Wastingtime I hear ya! You have my story in your hands. My first hubby complained I was to horney all the time, he was a smaller man in penial size it never seemed to do much in those few seconds but sometimes it did alot, but he had hands and other things, but now it's like , ????? and it's like ????? . I'm so pathetic, is there a weekend support retreat out there for sexless wifes, somewhere we can throw darts at our husband's penis's look alikes....??? I am so out of it, frustrated and lonesome, thank you Wastingtime for answering me, we are alike!


----------



## Blanca (Jul 25, 2008)

heartache said:


> thrilling me is like this, taste a nipple here and there, touch below with his hands while proping his head up with his arm, forcefully kiss me, and then he looks for me to make the moves.
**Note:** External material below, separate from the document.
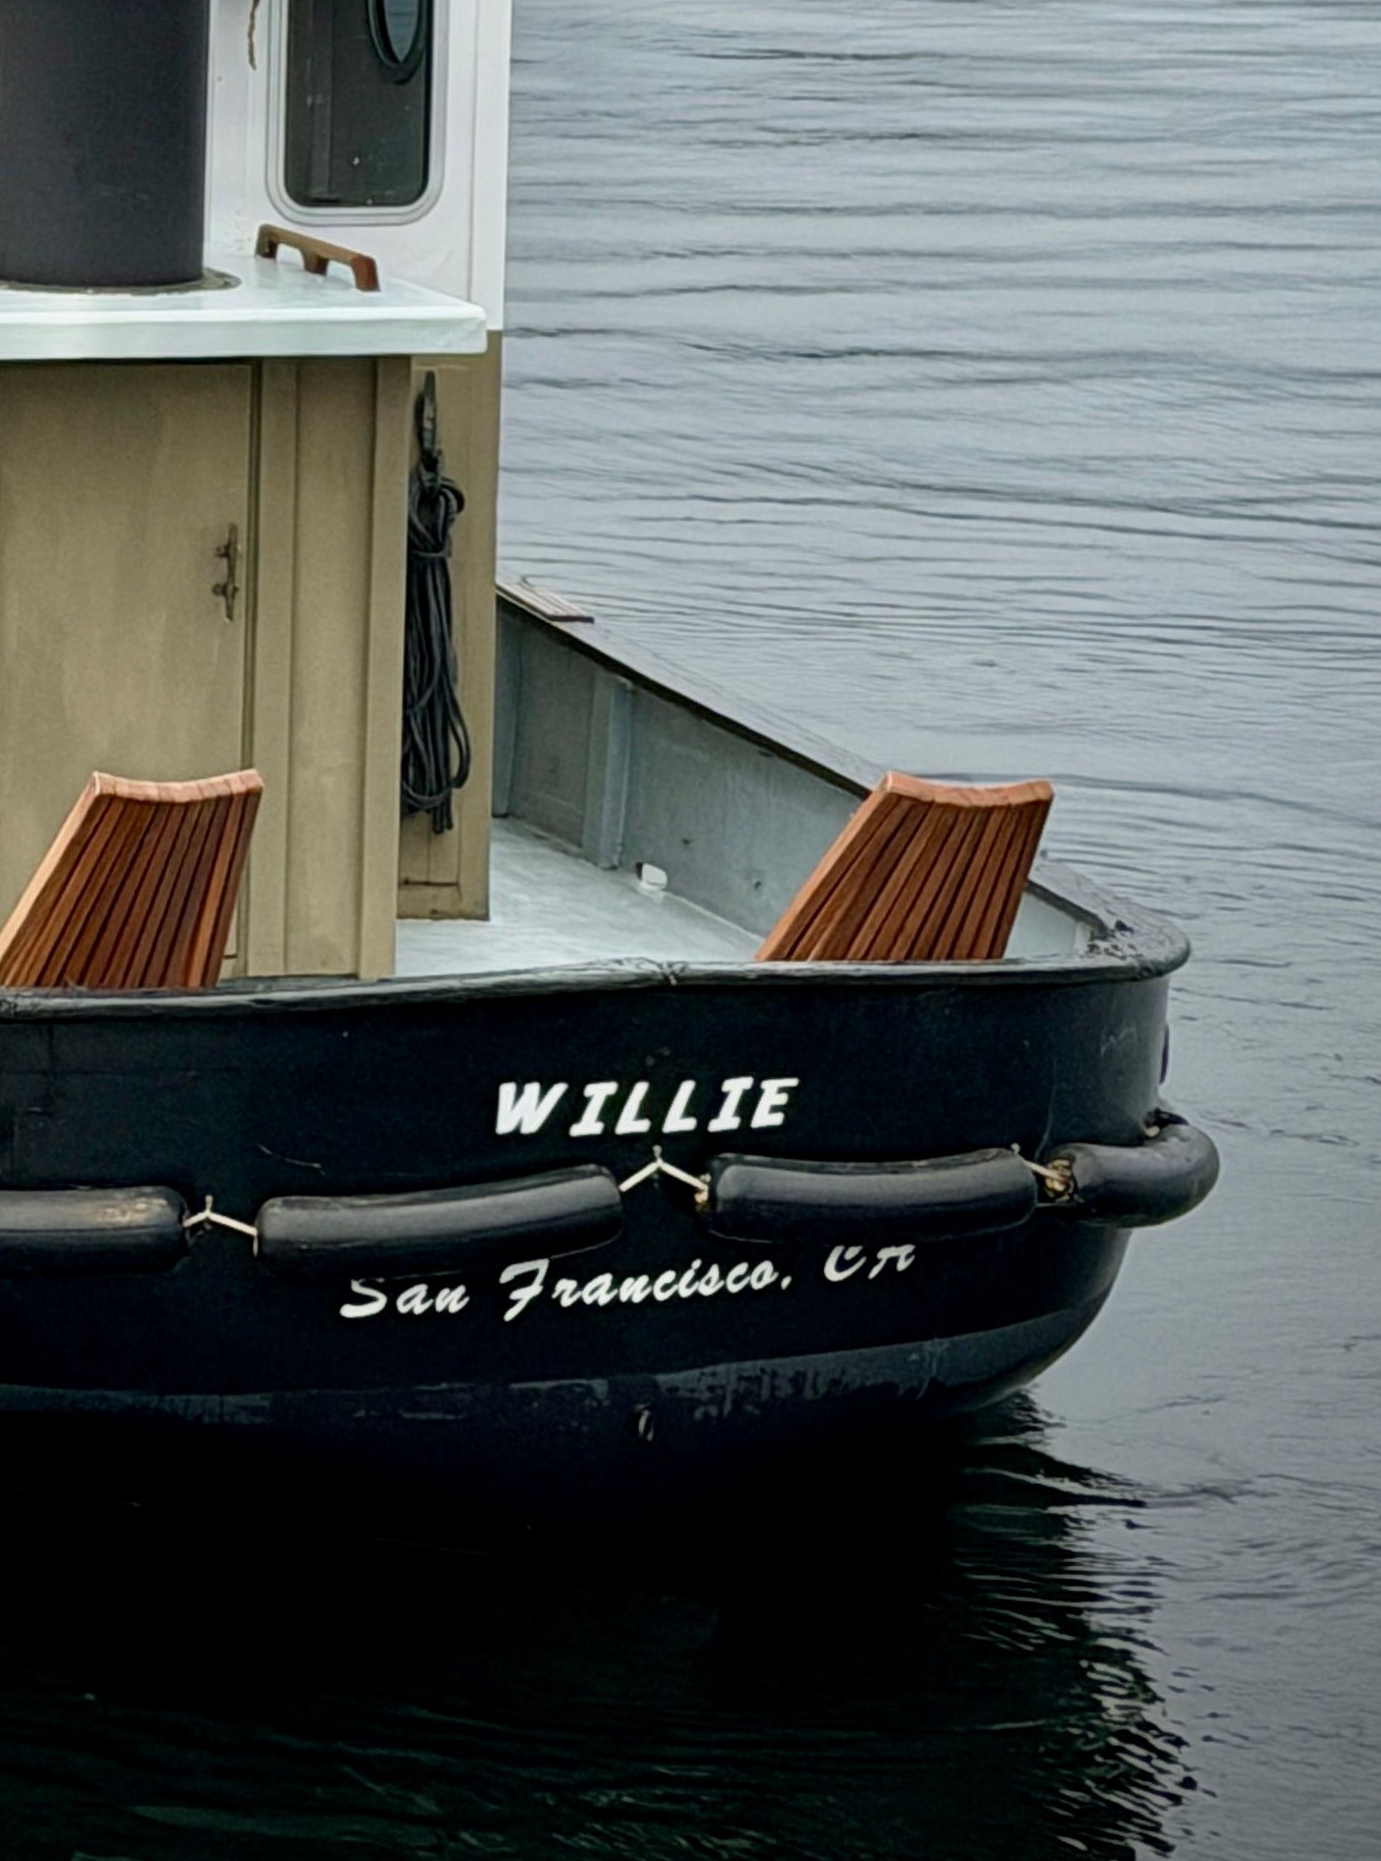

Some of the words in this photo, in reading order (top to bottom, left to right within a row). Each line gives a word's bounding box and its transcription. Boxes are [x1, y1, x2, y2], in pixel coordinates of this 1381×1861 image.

[495, 1076, 799, 1137] WILLIE
[340, 1278, 470, 1318] San
[499, 1258, 792, 1322] Francisco,
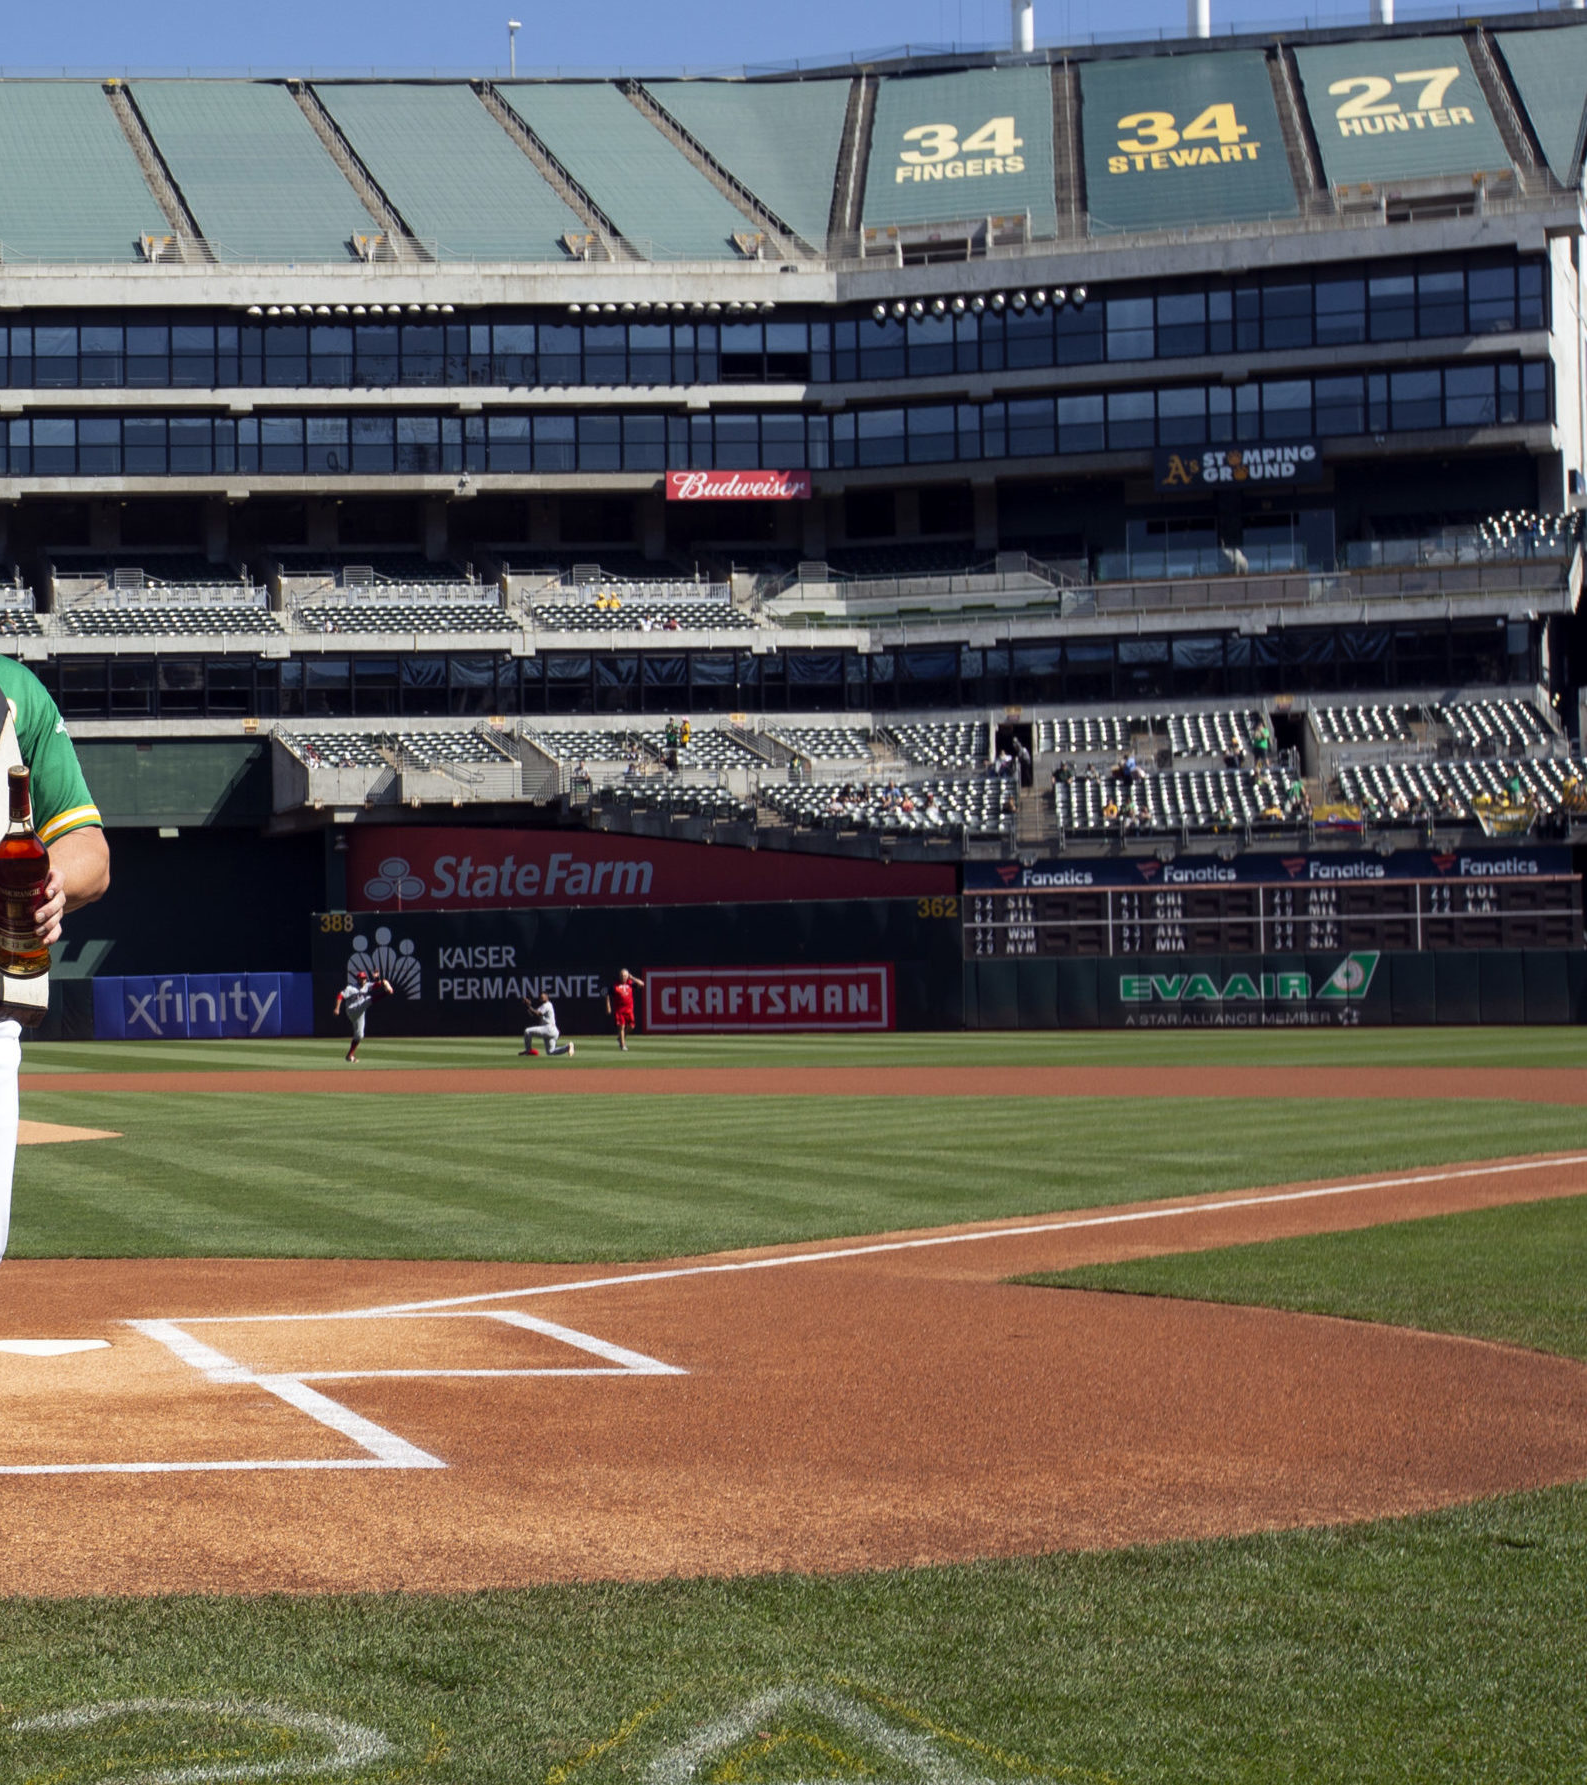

LOL yup that's my H. And for years i was frustrated out of my mind. of course he also had a porn addiction so that made things even worse. I was just like you! after a couple years Id had enough and I got rid of my sex drive. I worked out more and got into other hobbies. My sex drive is actually way less. And for a couple months is was kind of non existent. i guess for a lot of people that seems controversial to kill ones libido, but i figure i should be in control of what i want when i want it, so why not my sex drive, also. any way, it worked long enough for me to chill out and be able to look at the problem a little more clearly.


----------



## heartache (Mar 21, 2009)

Blanca cheers girl! I am walking more doing more for me, but i can see him looking at me sideways, like who is she doing this for...LOL... ( i have so many lovers???) 
My present husband was addicted to porn after our first year of marriage I found him hiding it all over the place, when he'd make love to me it was the skanks on the porn movie wasn't me, it became such an obssession that it interfered in everything he did or we did ,, charging on credit cards books this and that, always wanting to be in sex stores, it became a bore to me and when it was destroying our lives I asked him to get help or we call it quits, he got help, and we did fine up until almost a year now or less. 
I guess I'm on the right track, walk, exercise get drunk drool over men come home and sleep it off.....that'll have to be my orgasm for the time being until things change....hahahaha guess it'll be my life from her on in...


----------



## martino (May 12, 2008)

Wow i've never seen so many women wanting oral. If you are clean+ and shaved, your man should want to. Listen to Twain, no yodeling in the canyon? then no head!!!


----------



## wastingtime (Mar 29, 2009)

I love giving but I want to receive too! It's a real drag giving and giving with so little in return. I'm not giving up on this one yet though. It's to the counselor for us in about a week. He said every time he has gone to counseling in the past they have told them to live seperately for awhile. I won't do that. How can you talk to each other daily living apart??? I'm willing and ready to fight for what I married him (partly) for. Sex is part of for better or for worse. Well, I've had enough of the worse so now it's my turn to get what I have coming. 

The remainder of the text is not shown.